Input material section start

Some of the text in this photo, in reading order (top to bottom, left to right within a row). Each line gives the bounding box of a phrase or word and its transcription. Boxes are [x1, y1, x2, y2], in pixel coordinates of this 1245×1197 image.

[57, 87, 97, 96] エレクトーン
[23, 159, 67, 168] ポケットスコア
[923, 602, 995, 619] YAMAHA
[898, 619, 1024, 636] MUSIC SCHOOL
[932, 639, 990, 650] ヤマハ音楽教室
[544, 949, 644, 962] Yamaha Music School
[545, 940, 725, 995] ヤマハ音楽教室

Input material section end

Directions:
Transcribe, in full, each record that appears above.

Answer to the problem:
Some of the text in this photo, in reading order (top to bottom, left to right within a row). Each line gives the bounding box of a phrase or word and its transcription. Boxes are [x1, y1, x2, y2], in pixel coordinates of this 1245×1197 image.

[57, 87, 97, 96] エレクトーン
[23, 159, 67, 168] ポケットスコア
[923, 602, 995, 619] YAMAHA
[898, 619, 1024, 636] MUSIC SCHOOL
[932, 639, 990, 650] ヤマハ音楽教室
[544, 949, 644, 962] Yamaha Music School
[545, 940, 725, 995] ヤマハ音楽教室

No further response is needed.